Nearly 60 similarities and identical sentences were found in a comparison of Hughes’ novel and the 2017 English translation of Svetlana Alexievich’s nonfiction book The Unwomanly Face of War.

After uncovering some similarities between the books, Guardian Australia applied document comparison software to both texts, which revealed 58 similarities and some identical sentences.

Guardian Australia also found conceptual similarities between incidents described in the books, including the central scene from which The Dogs takes its title.

The Dogs is presented as Hughes’ original work, without reference to any other sources or research.

Hughes – an Australian descendent of Ukrainian refugees – has received critical acclaim for his novel about the intergenerational impact of wartime trauma.

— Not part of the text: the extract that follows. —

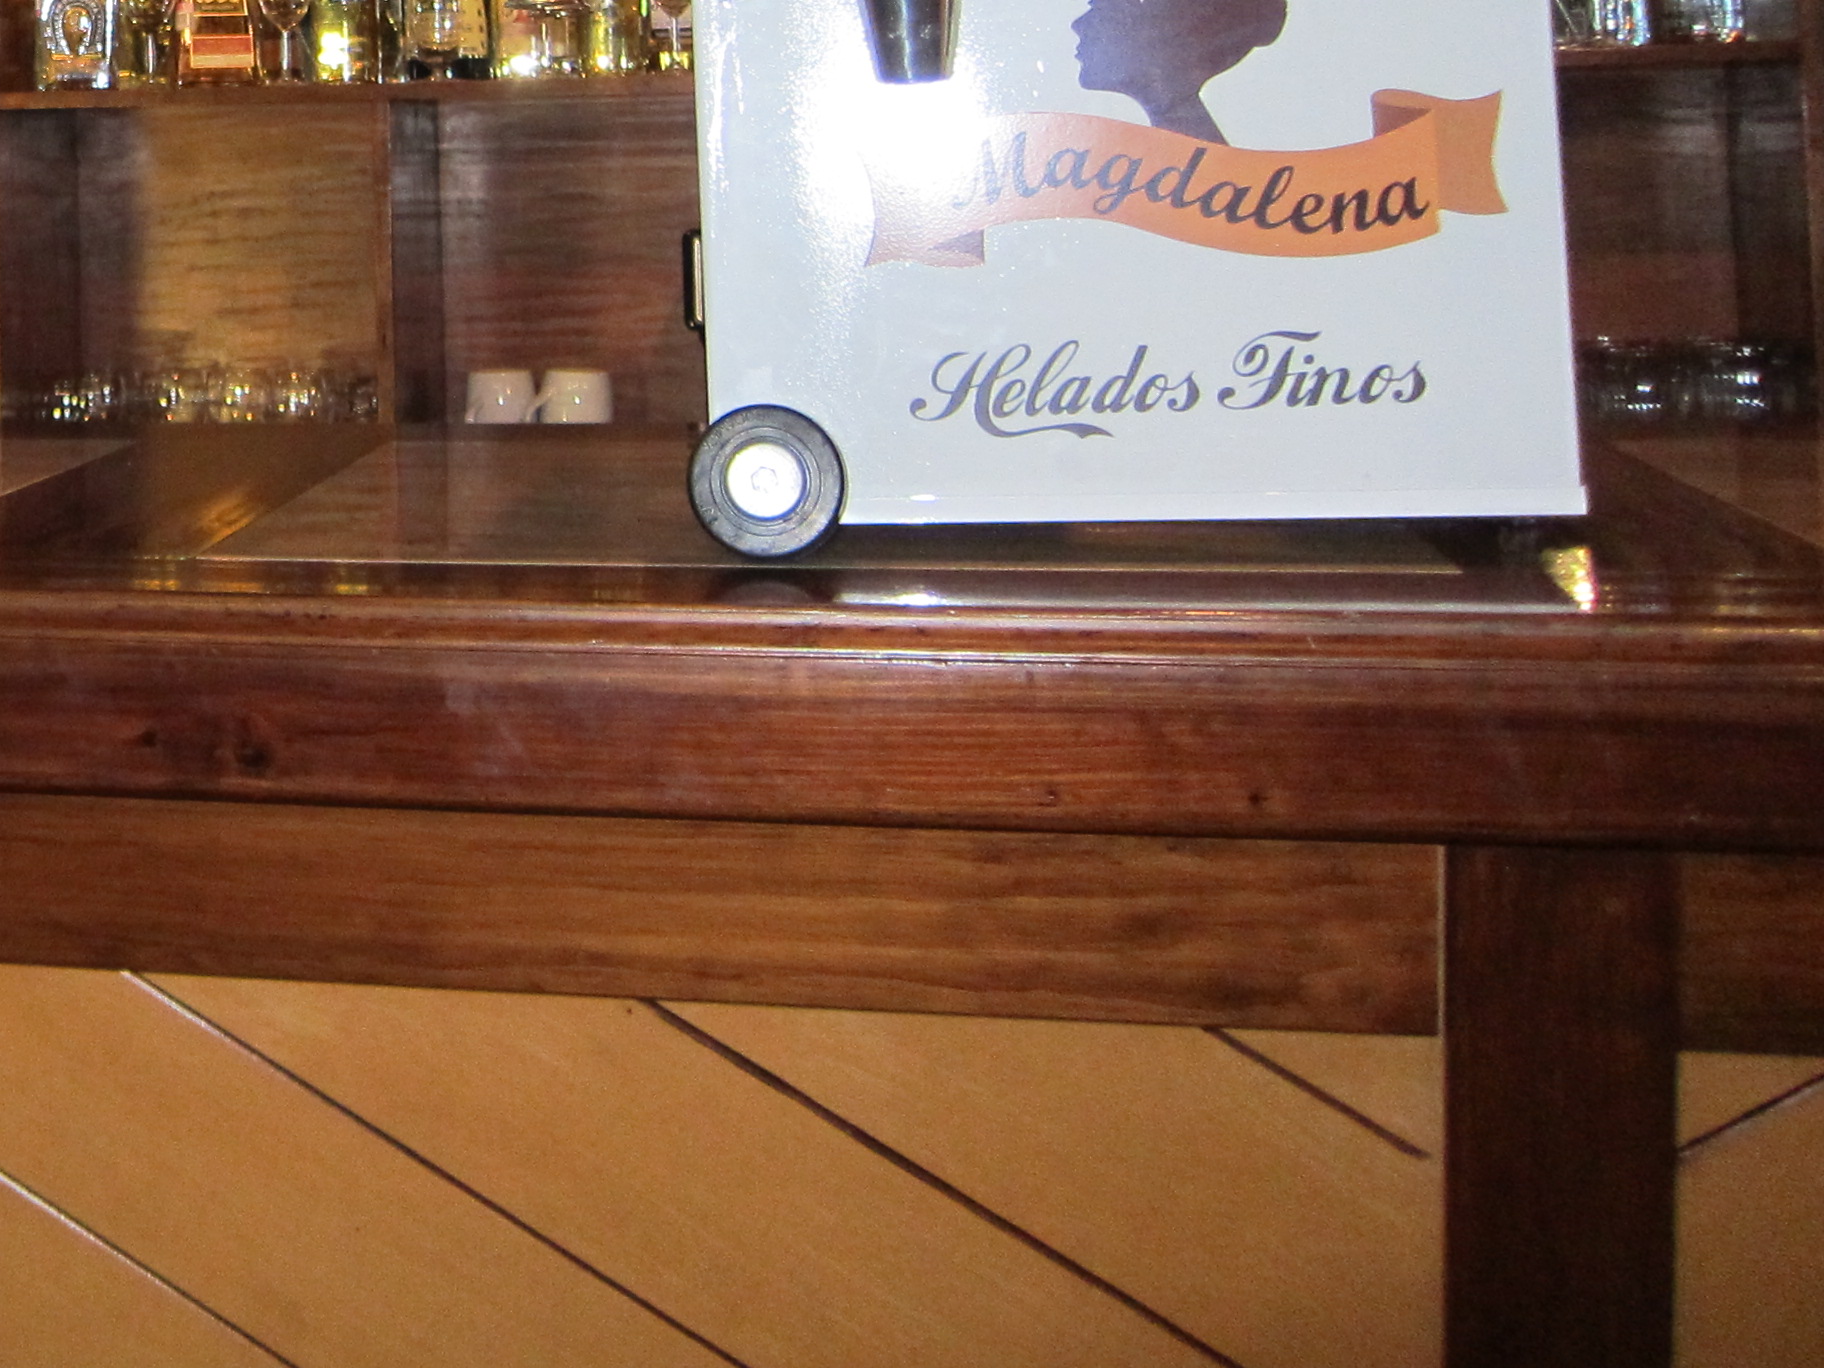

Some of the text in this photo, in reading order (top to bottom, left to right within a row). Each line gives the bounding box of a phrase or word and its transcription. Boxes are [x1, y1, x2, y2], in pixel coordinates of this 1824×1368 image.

[953, 129, 1429, 234] Magdalena
[909, 331, 1427, 438] Helados Finos

In addition to being longlisted in May for the Miles Franklin prize, the book was shortlisted for the 2022 Victorian premier’s and 2022 NSW premier’s literary awards for fiction.

Hughes’ protagonist, Michael, is the son of Russian and Italian immigrants who came to Australia after the second world war. Nearing death, his mother, Anna, reveals her experiences fighting the Nazi army as a partisan. Anna’s memories are mainly presented by Hughes as either transcripts Michael makes of his discussions with her, or in the third person.

Ukraine-born Alexievich is a Belarusian journalist and a former leader of the opposition movement to President Alexander Lukashenko; she was awarded the Nobel prize in literature in 2015 for her historical “polyphonic writings, a monument to suffering and courage in our time”.

Her 1985 work The Unwomanly Face of War is one of five books in her Voices of Utopia cycle, depicting life in the Soviet Union through oral testimonies. Collating interviews she conducted with more than 200 women who fought for the Soviet Union in the second world war, the nonfiction work took her more than four years to research and write.

When Guardian Australia sent a number of excerpts from The Dogs to Alexievich and asked about the apparent use of her material, she sent a brief statement through a translator: “I have never heard of The Dogs nor been contacted by Hughes. The verbatim takes from my book are outrageous, and of course I did not agree to this.”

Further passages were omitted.